**GOAL OF THE EXERCISE**:
In full and exactly, please return the records, but keep out the pictures.
INPUT FOR THIS TASK Block Start
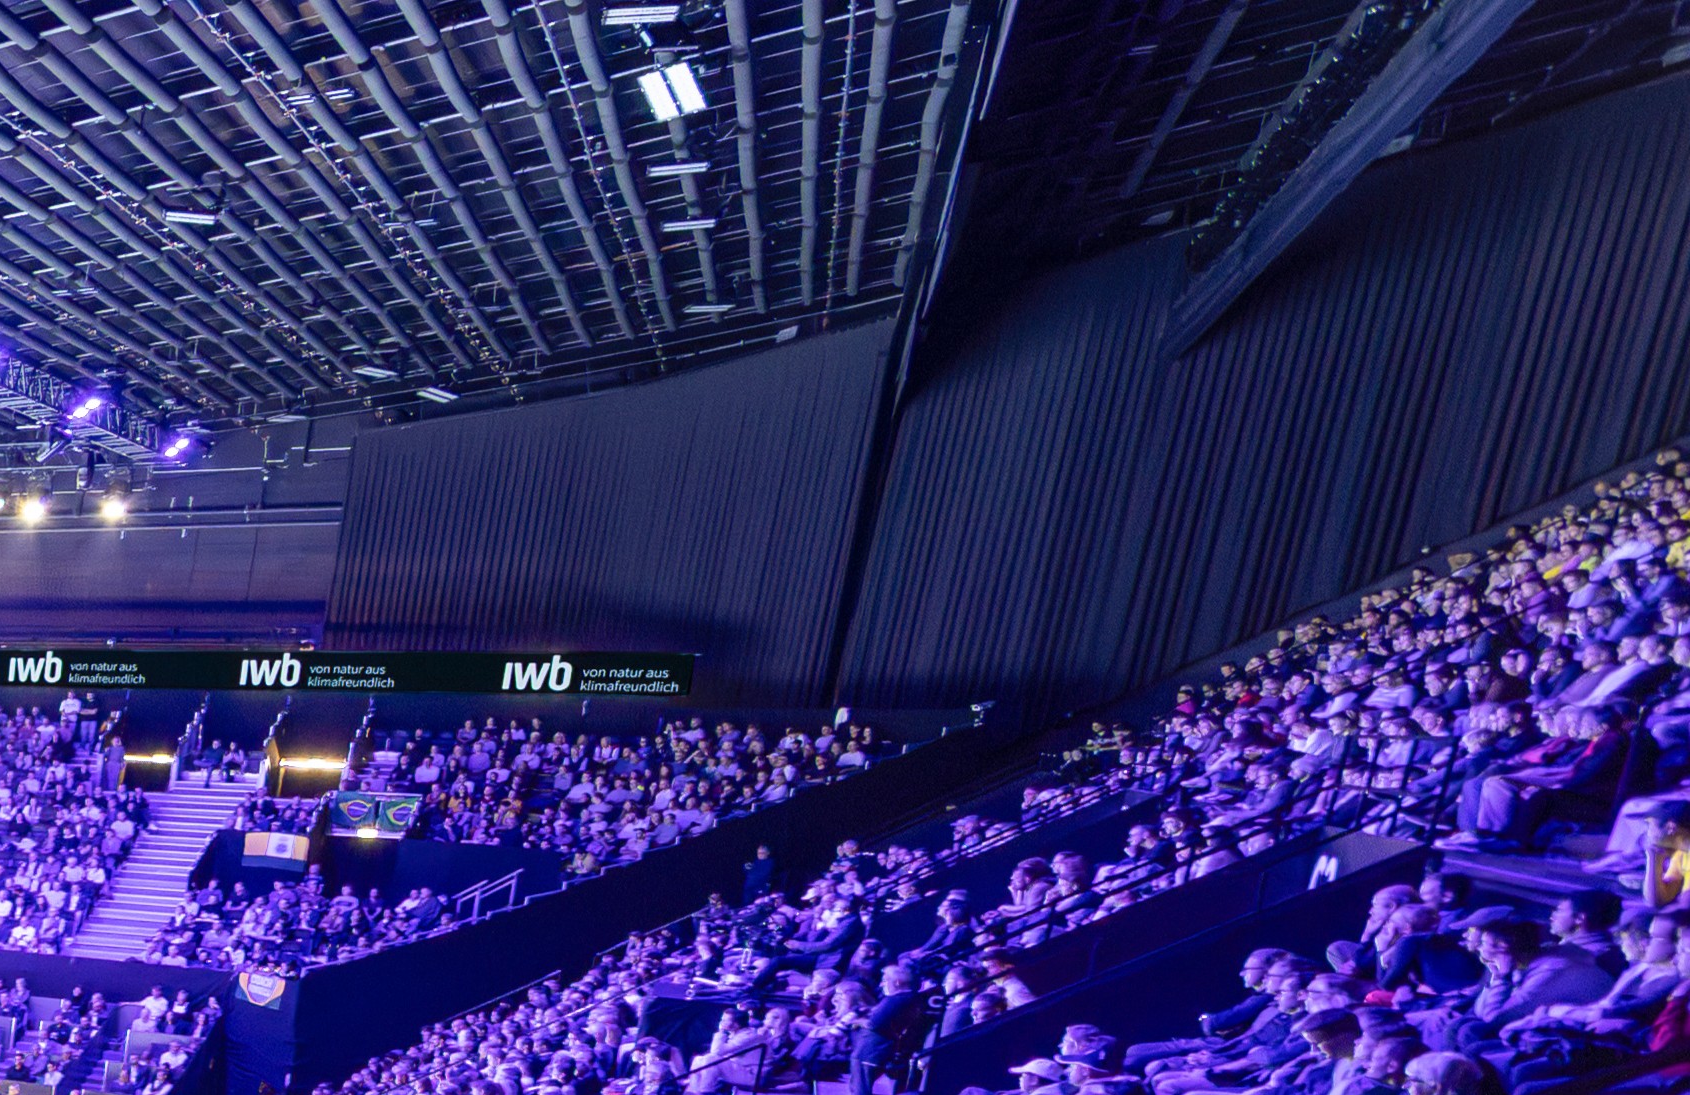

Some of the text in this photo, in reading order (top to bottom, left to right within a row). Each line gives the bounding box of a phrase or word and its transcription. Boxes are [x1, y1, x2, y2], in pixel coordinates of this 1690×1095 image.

[70, 662, 137, 672] von natur aus
[309, 664, 386, 675] von natur aus
[583, 667, 669, 678] von natur aus
[69, 672, 145, 684] klimafreundlich
[307, 675, 395, 689] klimafreundlich
[580, 678, 679, 694] klimafreundlich
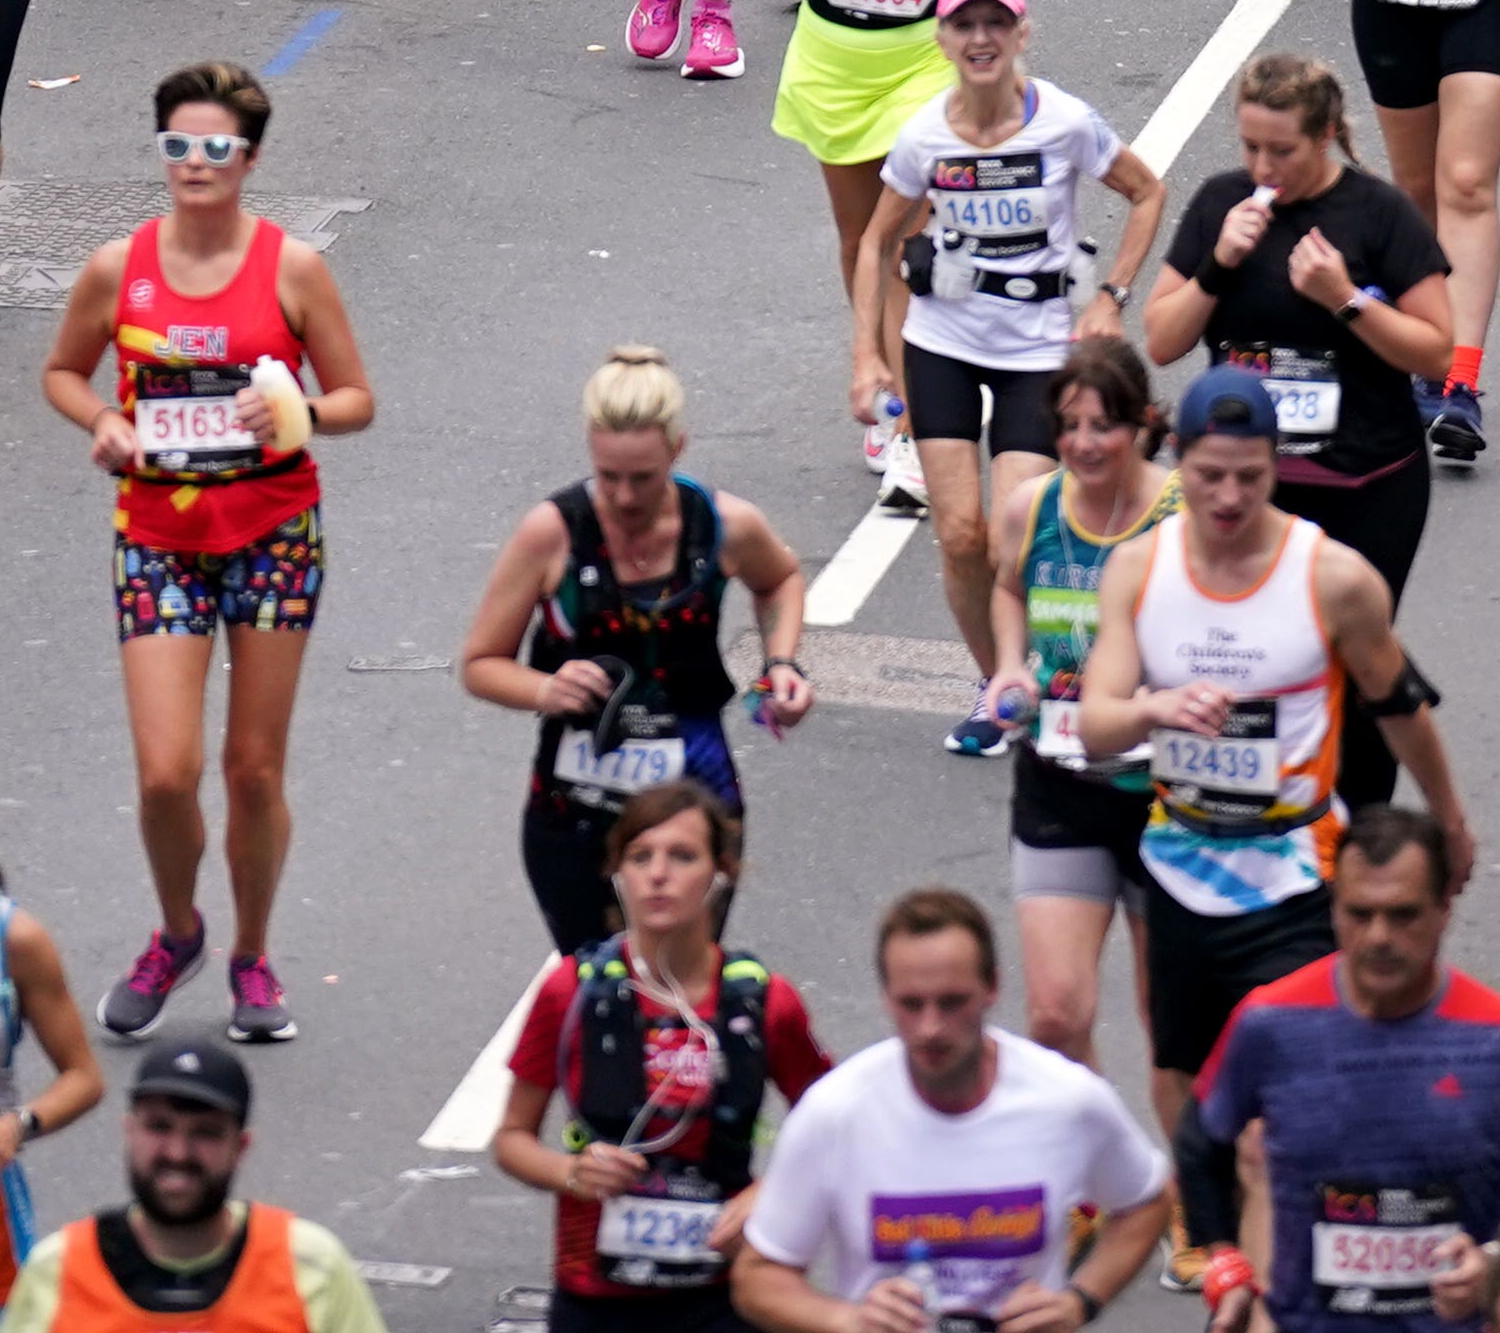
INPUT FOR THIS TASK Block End
**ANSWER TO THE EXERCISE**:
Some of the text in this photo, in reading order (top to bottom, left to right within a row). Each line gives the bounding box of a phrase or word and its transcription. Boxes are [x1, y1, x2, y2], in pixel coordinates of this 1690×1095 image.

[70, 662, 137, 672] von natur aus
[309, 664, 386, 675] von natur aus
[583, 667, 669, 678] von natur aus
[69, 672, 145, 684] klimafreundlich
[307, 675, 395, 689] klimafreundlich
[580, 678, 679, 694] klimafreundlich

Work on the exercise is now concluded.